Еще несколько шагов, сверкнули за поворотом вершины заснеженных гор, и глазам открылась выжженная солнцем долина, по которой разбросаны какие-то древние жилища. Возле ручья стоял вертолет МИ-24.
А тишина была такая осязаемая, хоть бери ее в руки и неси.
- Привал. Приходим в себя и вылетаем.
Кооператив "Эхо" размещался в одном из старых двориков на Пятницкой, и Турецкий с трудом нашел нужную ему дверь. В темном подъезде, пропахшем кошками, попытался набрать код, но дверь резко распахнулась, и на него вмиг навалилось трое дюжих ребят. Сшибли с ног ударами кулаков, схватили за руки. У одного звякнули в руках наручники.
- Вы что, обалдели?! Я следователь прокуратуры! закричал он, предпринимая отчаянную попытку вырваться.
- Только без рук! Шуметь не надо, молодой человек, рявкнул рыжий детина со сломанным боксерским носом, по-видимому, старший в группе, и защелкнул на руках Турецкого наручники. Его втащили в помещение.
- Кто вы такой? Это же беззаконие! Почему вы здесь? задавал Турецкий один за другим вопросы. Я прошу немедленно связать меня с прокурором города!
- Главное управление БХСС. У меня приказ: пригребать всех, кто сюда припрется, невозмутимо продолжил рыжий.
- Возьмите мое удостоверение. Вот тут, в нагрудном кармане.
- Возьмем, когда надо будет. Вы тут, понимаешь, миллионами ворочали. Русский народ грабили. А теперь скулеж подняли. Один кричит: "Я депутат, неприкосновенный!" Другой пришел: "Я следователь!" Одного такого мы вчера прихватили, в кармане удостоверение полковника госбезопасности. Проверили: липа. Надо и с тобой разобраться. Небось, каждый месяц на лапу получал от жидомасонов, а? Правильно я говорю, Селезнев? Так нам в главке сегодня объяснили? спросил рыжий, обращаясь к помощнику, спортивного вида блондину в импортном костюме.
Тот в знак согласия кивнул.
Обстановка в кооперативе "Эхо" свидетельствовала: здесь произвели тотальный обыск. Содержимое столов и шкафов было выворочено на пол, осиротевшие компьютеры жалобно попискивали.

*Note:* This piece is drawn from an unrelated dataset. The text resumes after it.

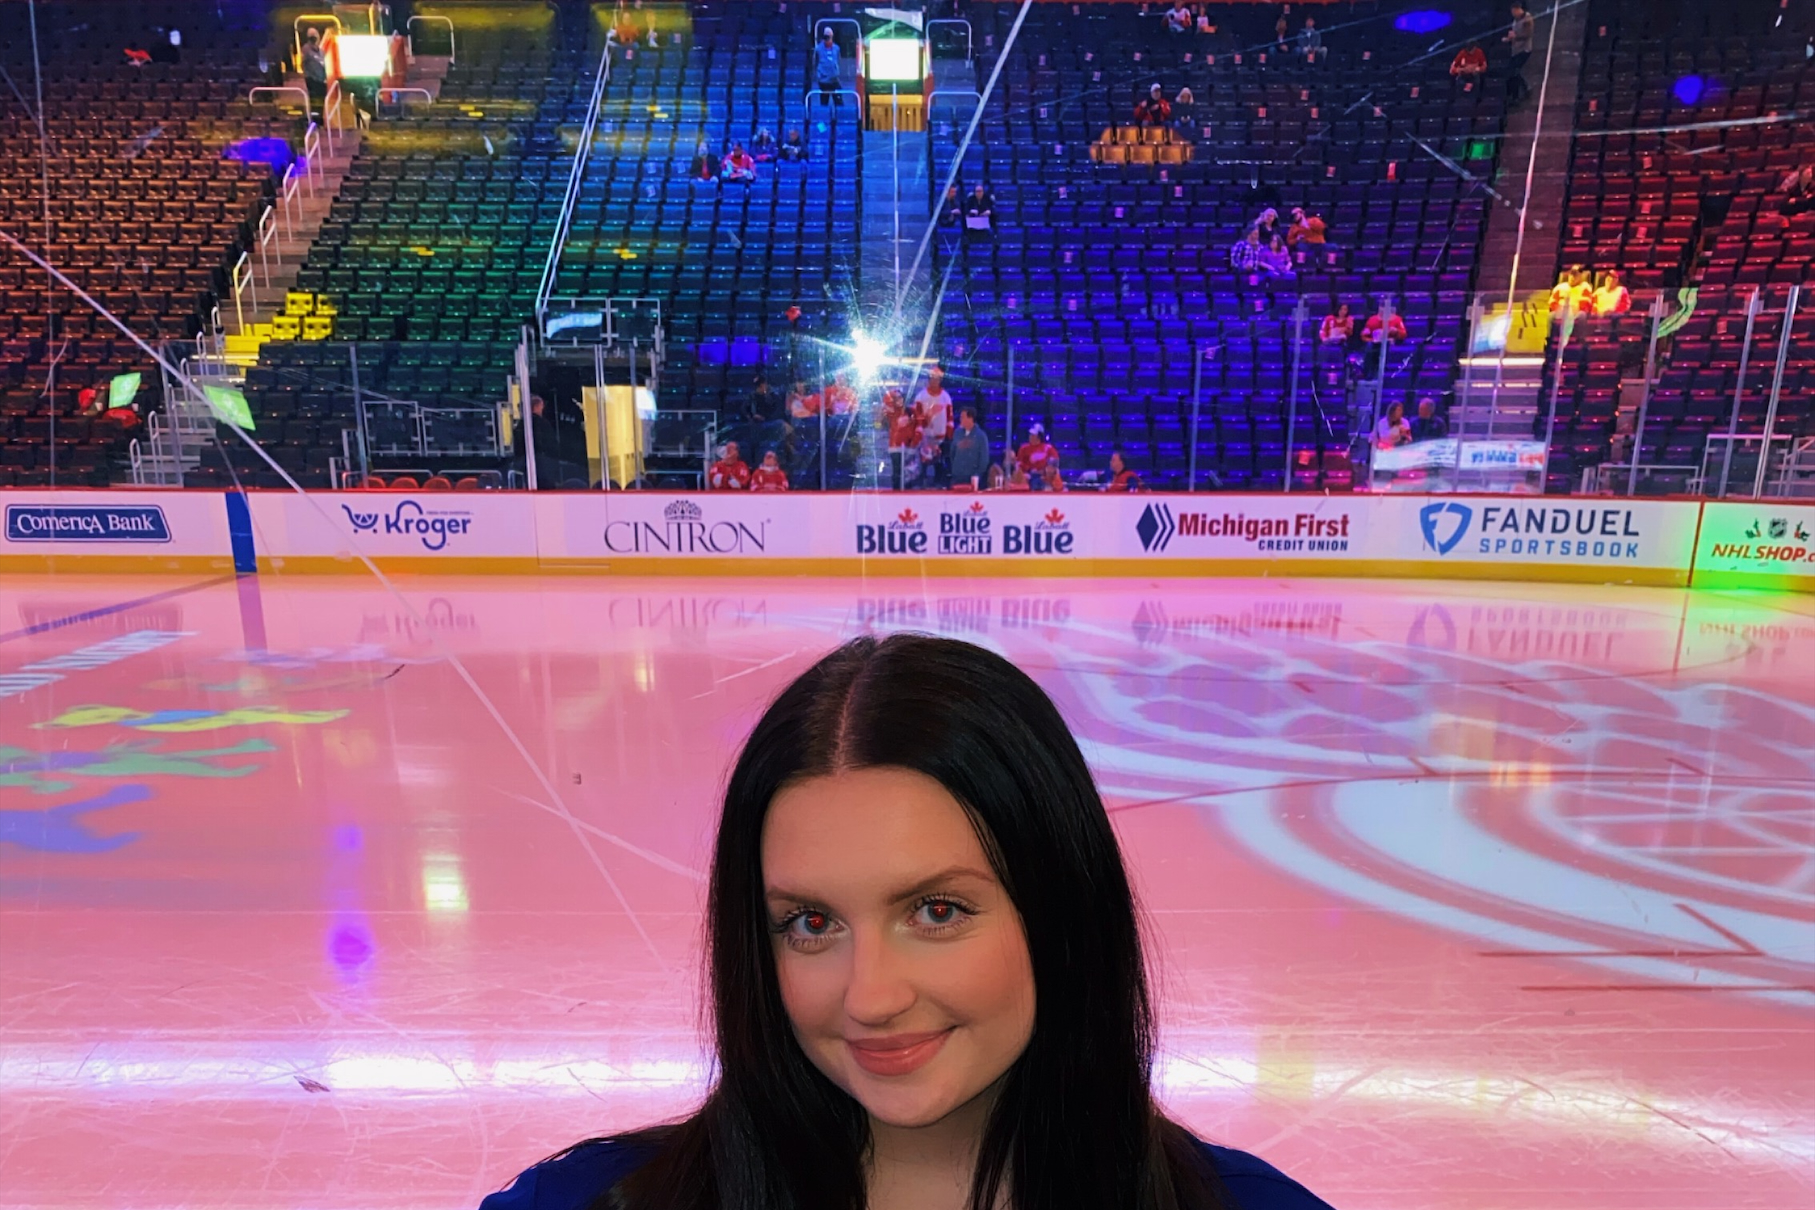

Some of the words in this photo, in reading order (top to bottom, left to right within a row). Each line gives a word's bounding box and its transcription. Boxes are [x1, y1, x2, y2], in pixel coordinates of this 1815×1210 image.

Из задних комнат вывели еще пятерых задержанных.
- Всех погрузили в машины. Продолжить операцию, скомандовал рыжий детина, везите всех прямо в Бутырку.
- Не имеете права! снова заорал Турецкий. Везите меня в прокуратуру! Я привез сигареты Ключанскому и не имею никакого отношения к этому кооперативу! И вообще вы не имеете права арестовывать людей таким образом!

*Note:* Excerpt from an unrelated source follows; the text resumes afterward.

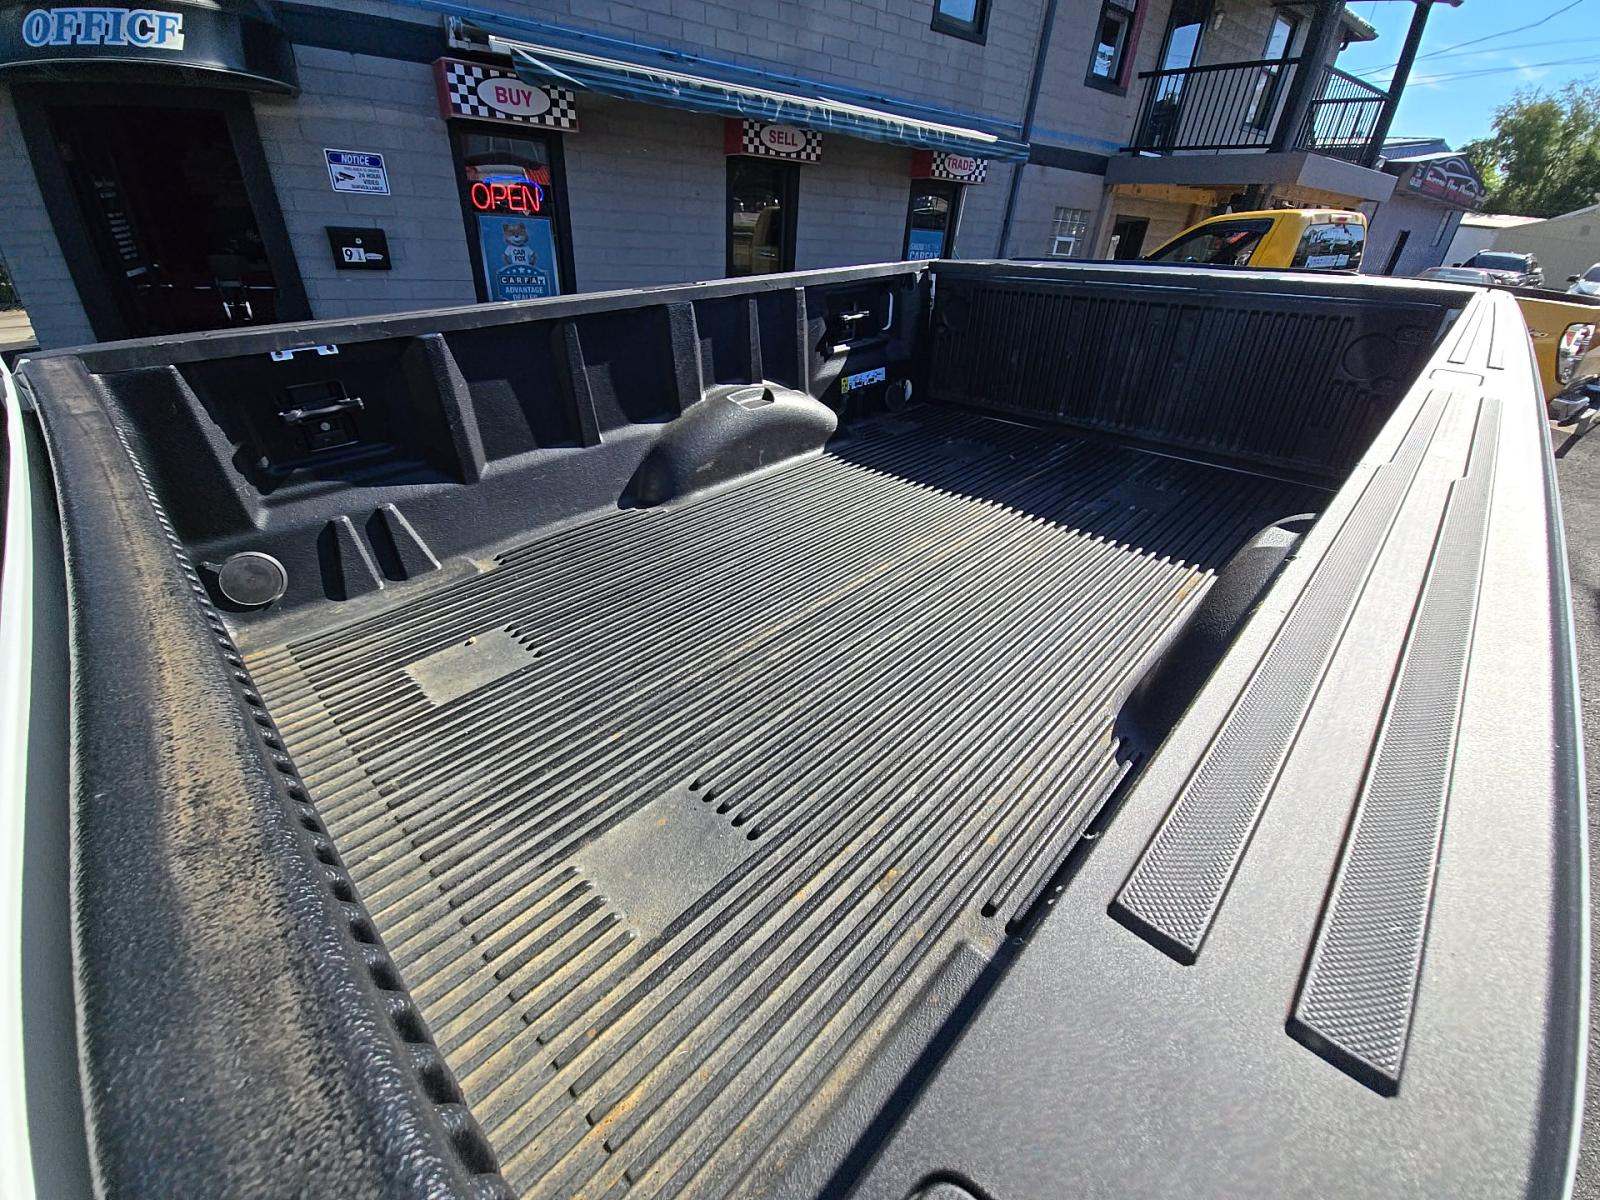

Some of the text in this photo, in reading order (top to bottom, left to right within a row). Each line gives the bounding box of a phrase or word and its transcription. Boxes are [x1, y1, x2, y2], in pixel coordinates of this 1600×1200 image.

Ключанский как-то странно взглянул на Турецкого.
- Вот ты у меня поговоришь! сказал блондин и ударил Турецкого в лицо. Кровь хлынула из носа, но Турецкий еще пытался ударить ногой блондина в пах и получил сокрушающий удар в солнечное сплетение.

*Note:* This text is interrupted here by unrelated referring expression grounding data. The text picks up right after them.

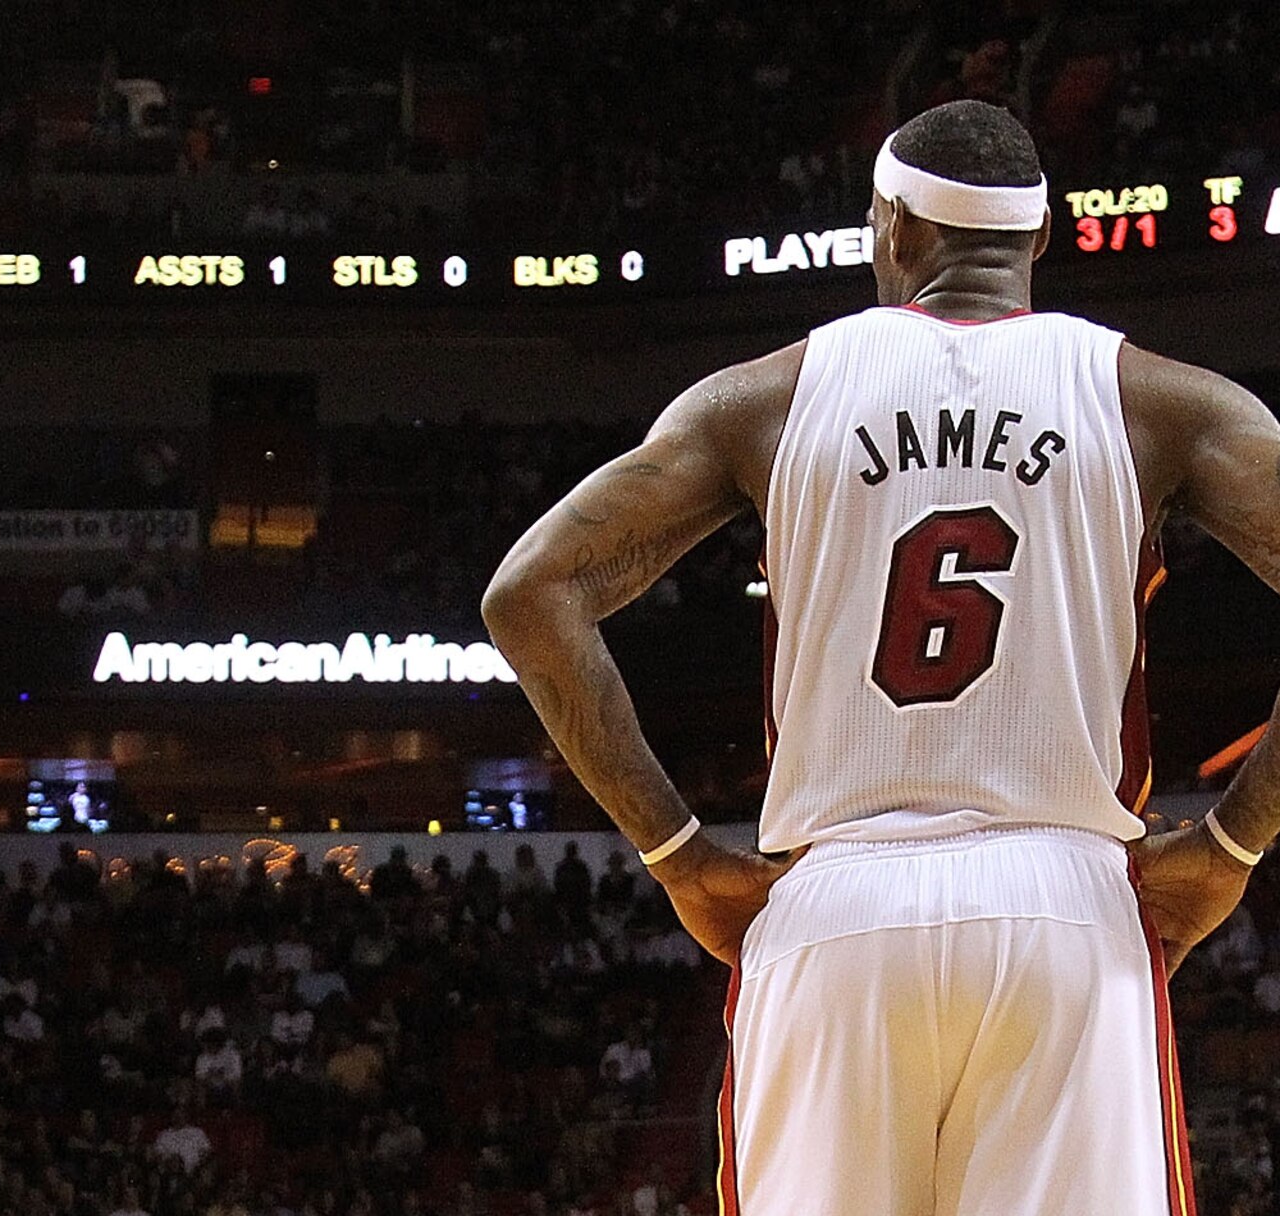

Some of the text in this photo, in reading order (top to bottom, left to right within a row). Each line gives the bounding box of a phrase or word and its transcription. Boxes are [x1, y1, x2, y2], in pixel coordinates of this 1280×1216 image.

[1204, 177, 1242, 204] TF
[1210, 206, 1237, 241] 3
[70, 256, 85, 283] 1
[135, 256, 243, 286] ASSTS
[269, 256, 285, 284] 1
[334, 256, 417, 286] STLS
[444, 256, 466, 286] 0
[514, 254, 598, 286] BLKS
[622, 251, 643, 280] 0
[854, 409, 1066, 486] JAMES
[868, 503, 1022, 708] 6

Очнулся он только на заднем сиденье машины, въезжавшей во двор Бутырской тюрьмы. И снова стал орать и вырываться из цепких рук охранников.
Он кричал и вырывался, пока его вели по длинным коридорам и переходам Бутырки, требовал прокурора, доказывал, что его задержание грубейшая ошибка, за которую кто-то должен нести наказание, но в ответ слышал только гулкое эхо тюремных стен. Лица охранников, видавших в своей невеселой практике и не такое, хранили каменное выражение. И когда захлопнулась дверь камеры, он все стучал в металлическую дверь и объяснял кому-то невидимому, что у него совершенно нет времени сидеть в тюрьме, даже и по ошибке каких-то кретинов.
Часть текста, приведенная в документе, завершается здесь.